It's my most wonderful time of the year! As I wake up in the first days of Nobel Announcement Week, I hear names I have never heard before attached to scientific accomplishments I don't understand. But that's all right, because the trajectory of the week is toward the really interesting announcements. About a third of the time, I recognize the name of the Prize Winner for Literature. A UU ministerial colleague of mine has set himself the discipline of reading the usually obscure Nobel Laureate writer each year, and I've been trying to follow that pattern in recent years. Stay tuned for pithy quotes from Herta Muller this year.
But of course the best day is when the name of the Peace Prize winner breaks through into my drowsy morning awareness. And it certainly broke through this morning. I join the world in asking -- what has our President already done to win this award? I admired what he did in the UN a few weeks ago: it felt good really to be represented in that body again. But has he done enough to win the award right now?
There is a tradition of presenting the Peace Prize as an award for potential or aspiration. Nelson Mandela and F. W. de Klerk won in 1993, before the transition was complete to the new South African government.
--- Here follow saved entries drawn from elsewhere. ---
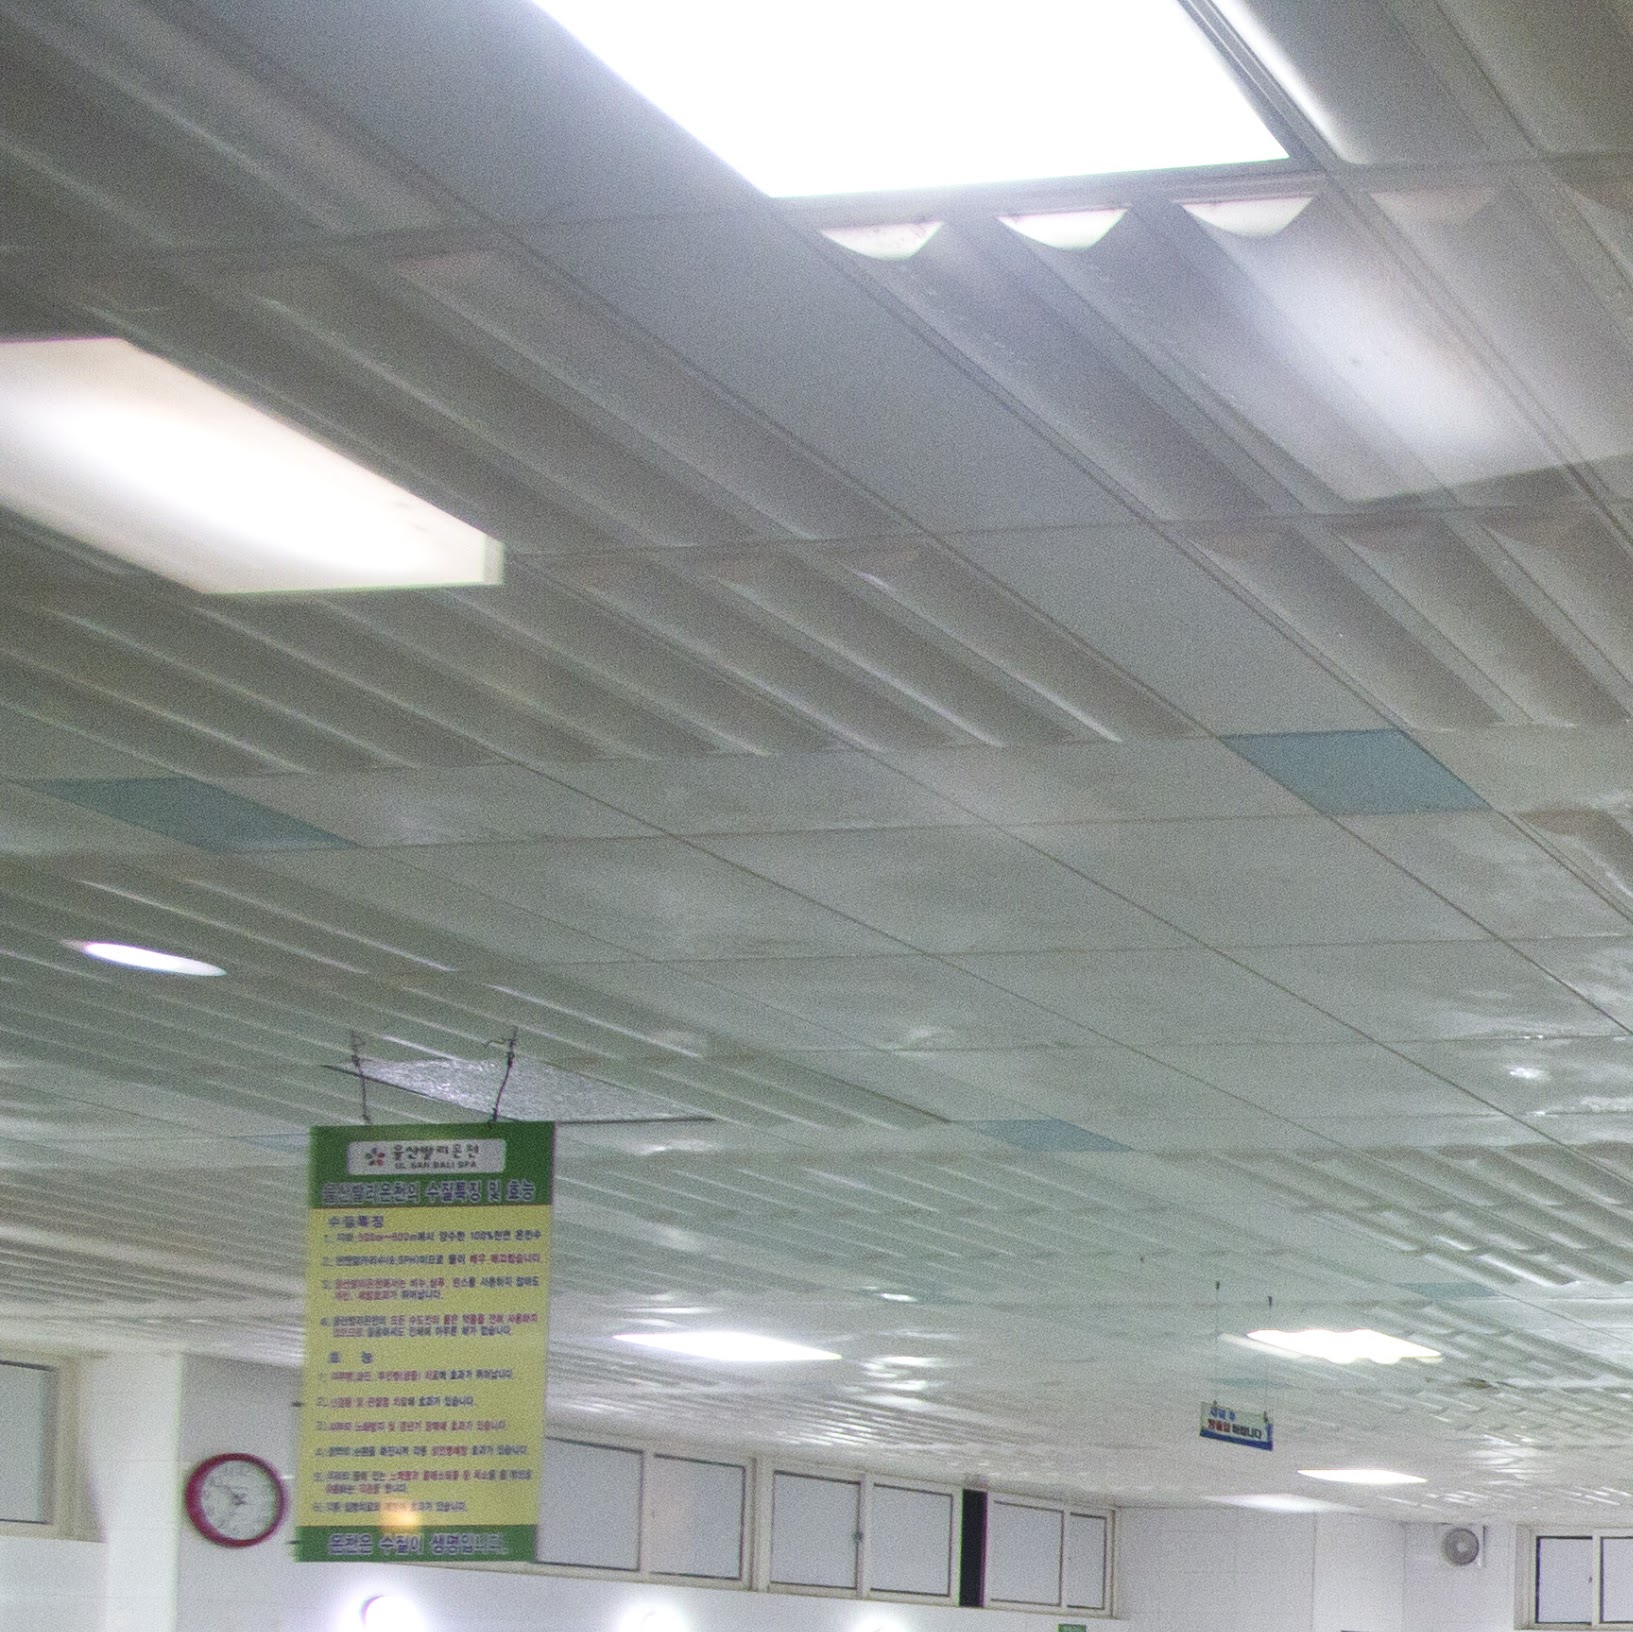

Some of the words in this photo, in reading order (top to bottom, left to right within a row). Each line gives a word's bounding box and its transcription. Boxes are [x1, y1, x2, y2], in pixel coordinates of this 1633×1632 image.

[426, 1181, 481, 1202] 수질특징
[506, 1179, 535, 1201] 효능
[329, 1533, 372, 1555] 온천은
[379, 1533, 423, 1554] 수질이
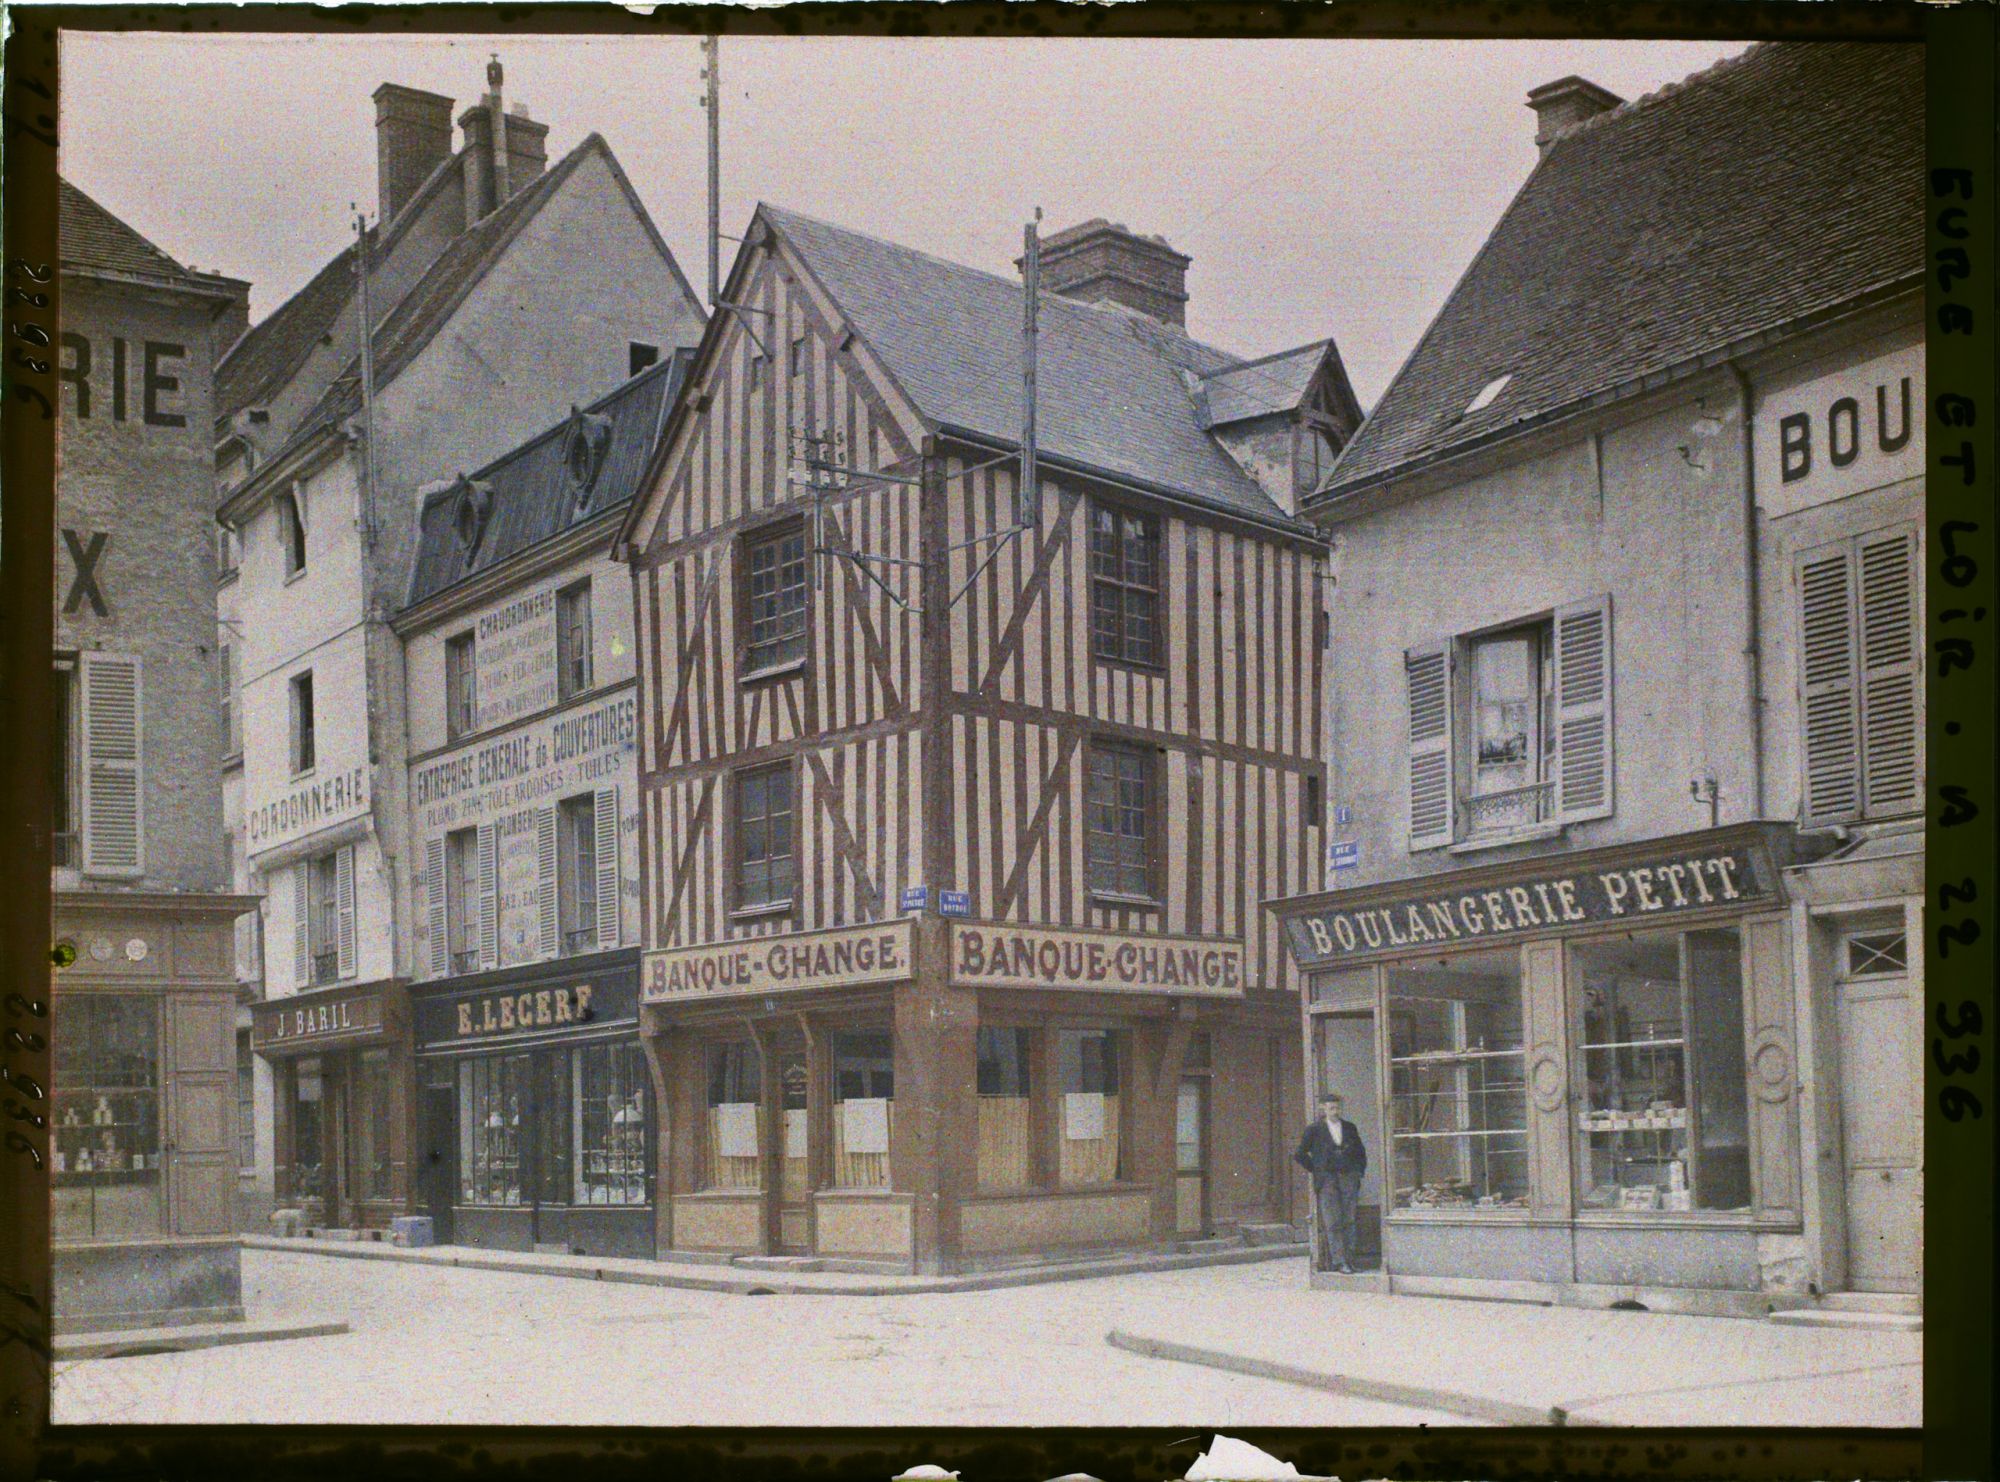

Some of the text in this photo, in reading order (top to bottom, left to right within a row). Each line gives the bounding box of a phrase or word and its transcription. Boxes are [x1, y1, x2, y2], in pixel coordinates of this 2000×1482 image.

Martin Luther King won the Peace Prize a year before what I think was his signature achievement for non-violence, the Selma March. Yasser Arafat, Shimon Peres, and Yitzhak Rabin won the prize for their efforts to bring peace to the Middle East in 1994. How's that going?
I hope we can come to terms with the idea that President Obama deserves to receive this for his aspirations. The world is hungry for a bit of hope, and apparently they see that in his message and election.
But maybe what the committee really wanted to do was to present this award to the American people for electing a president who can be a new symbol for a world of diversity, trying to solve its problems through negotion. Because we actually did that Nobel Committee, I gratefully accept.